Trump has been circling the Chagos Islands like a man trying to remember why he walked into the room. When Britain first agreed to transfer sovereignty to Mauritius while leasing back Diego Garcia, he called it weakness. Later, he conceded it might be the best deal available. Now, once again, it is a catastrophic surrender. Meanwhile, the United States government itself - the part staffed by admirals, diplomats, and people with maps - has formally backed the arrangement because it guarantees continued military access. The base remains. The runway does not dissolve simply because the paperwork changes hands.
Faced with this latest presidential lurch, Karoline Leavitt stepped forward and delivered what sounded like a clarifying statement but was, in reality, something far more revealing. When Trump posts on Truth Social, she said, it is “straight from the horse’s mouth.” In other words, this is not commentary. It is not impulse. It is policy. The President is speaking directly, and the world should listen accordingly.
This was not a casual remark. It was an attempt to elevate Trump’s latest Chagos pronouncement above the inconvenient fact that his own State Department had already endorsed the deal. It told allies to ignore the formal machinery of American foreign policy and focus instead on the President’s personal feed. The signal was clear: the post outranks the paperwork.
But this presents an obvious difficulty, because earlier this month the same “horse’s mouth” posted a video depicting Barack and Michelle Obama as monkeys. At that point, the White House’s enthusiasm for direct authorship cooled noticeably. Now there was talk of staff. Of process. Of material that had somehow slipped through. The pure, unfiltered presidential voice became, briefly, a shared administrative responsibility.
Yet Leavitt herself had already defined the terms. If Truth Social is the direct voice of the President when criticising Britain’s handling of Diego Garcia, then it is the direct voice of the President at all times.
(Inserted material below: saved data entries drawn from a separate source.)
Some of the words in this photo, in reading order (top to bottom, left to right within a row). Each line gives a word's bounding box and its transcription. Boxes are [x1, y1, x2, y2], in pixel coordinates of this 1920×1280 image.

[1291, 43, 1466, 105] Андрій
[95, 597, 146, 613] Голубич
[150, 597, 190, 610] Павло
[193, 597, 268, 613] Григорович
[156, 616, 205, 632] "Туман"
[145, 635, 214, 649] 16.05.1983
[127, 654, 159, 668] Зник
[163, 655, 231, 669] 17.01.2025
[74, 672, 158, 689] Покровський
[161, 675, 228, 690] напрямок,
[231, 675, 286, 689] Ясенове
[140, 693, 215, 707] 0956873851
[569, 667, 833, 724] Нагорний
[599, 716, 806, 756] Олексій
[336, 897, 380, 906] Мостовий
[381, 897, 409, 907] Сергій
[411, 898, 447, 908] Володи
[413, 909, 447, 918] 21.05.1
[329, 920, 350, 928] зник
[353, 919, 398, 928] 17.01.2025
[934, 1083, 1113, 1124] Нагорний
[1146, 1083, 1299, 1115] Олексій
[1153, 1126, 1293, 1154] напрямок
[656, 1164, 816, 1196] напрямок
You cannot promote it to an instrument of state authority when it suits your geopolitical argument and demote it to a staff-managed accident when it becomes embarrassing. The mouth cannot be presidential on Monday and clerical by Friday.
What this reveals is not merely inconsistency, but function. Truth Social serves as both amplifier and shield. When the message projects strength, it is presented as authentic presidential leadership. When the message creates discomfort, it becomes a misunderstanding, a technicality, a staff matter. Authority is claimed when useful and diffused when necessary.
And that leaves allies in an impossible position. When Trump declares Starmer is making a historic mistake over Chagos, are they hearing US policy, or are they watching performance? His own government continues to support the base lease. The strategic reality has not changed. Only the rhetoric has. Yet his press secretary insists the rhetoric itself is the true signal.
The result is a communications system that asserts absolute authority while retaining absolute deniability. It is designed to sound definitive without ever being binding. The President speaks directly, except when he does not. The platform carries the full weight of statecraft, except when it suddenly carries none at all. Truth Social, it turns out, is straight from the horse’s mouth only when the horse likes the sound of its own voice.